- Data items -
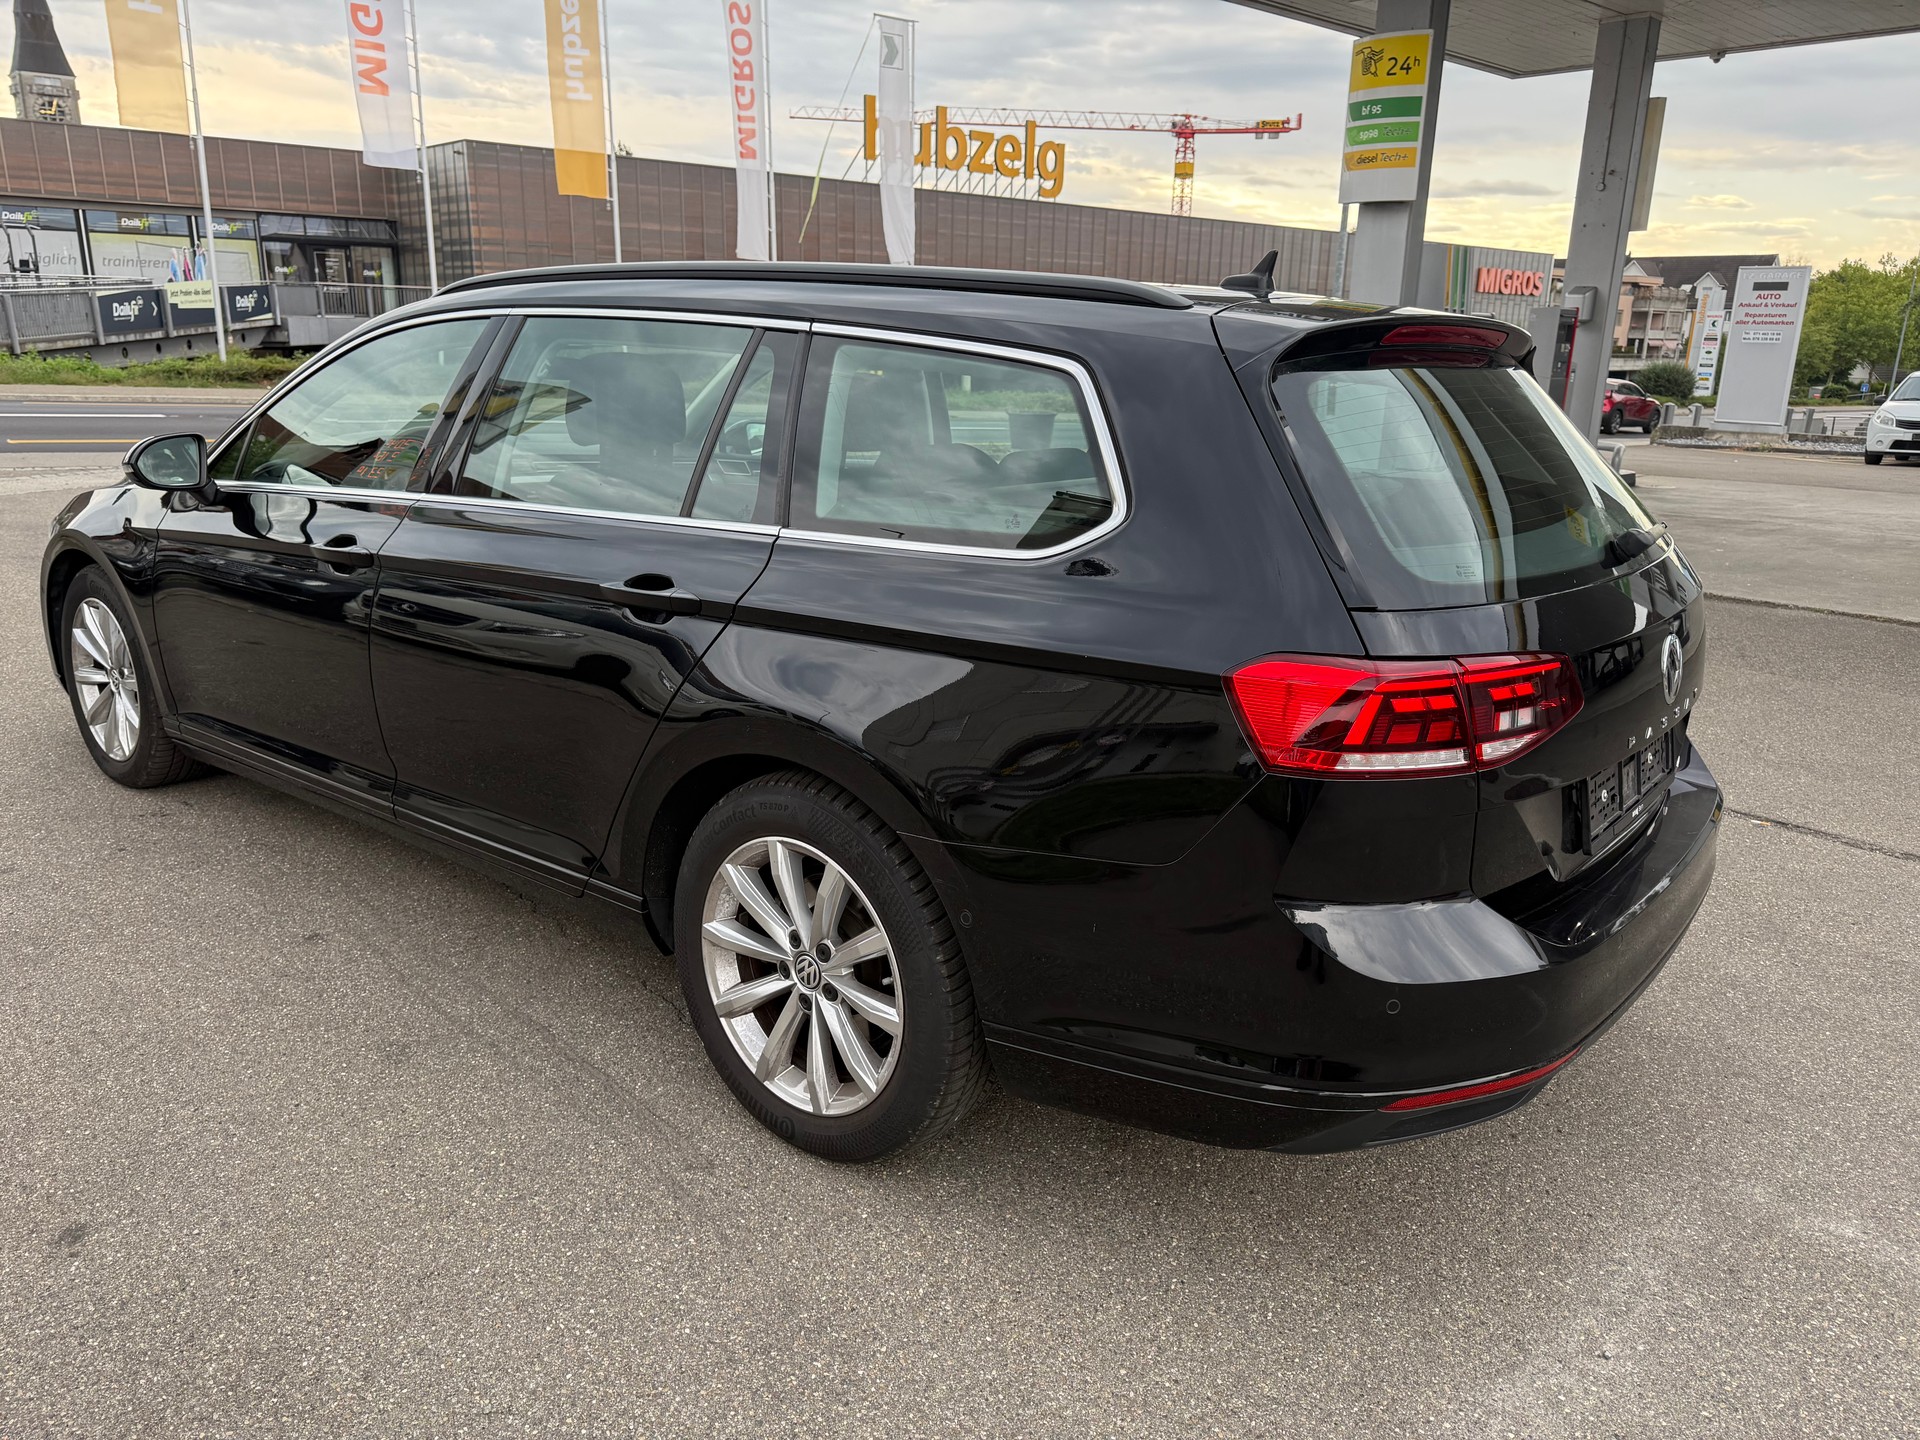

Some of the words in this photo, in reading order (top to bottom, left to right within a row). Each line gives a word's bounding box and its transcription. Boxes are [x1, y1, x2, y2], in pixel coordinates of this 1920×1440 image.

[1371, 104, 1382, 114] 95
[1356, 153, 1378, 165] diesel
[1380, 152, 1408, 162] Tech+
[102, 255, 170, 269] trainieren
[1476, 266, 1545, 297] MIGROS

- What is needed -
Pictures are to be left out, while the records are copied word for word.

- Reply -
Some of the words in this photo, in reading order (top to bottom, left to right within a row). Each line gives a word's bounding box and its transcription. Boxes are [x1, y1, x2, y2], in pixel coordinates of this 1920×1440 image.

[1371, 104, 1382, 114] 95
[1356, 153, 1378, 165] diesel
[1380, 152, 1408, 162] Tech+
[102, 255, 170, 269] trainieren
[1476, 266, 1545, 297] MIGROS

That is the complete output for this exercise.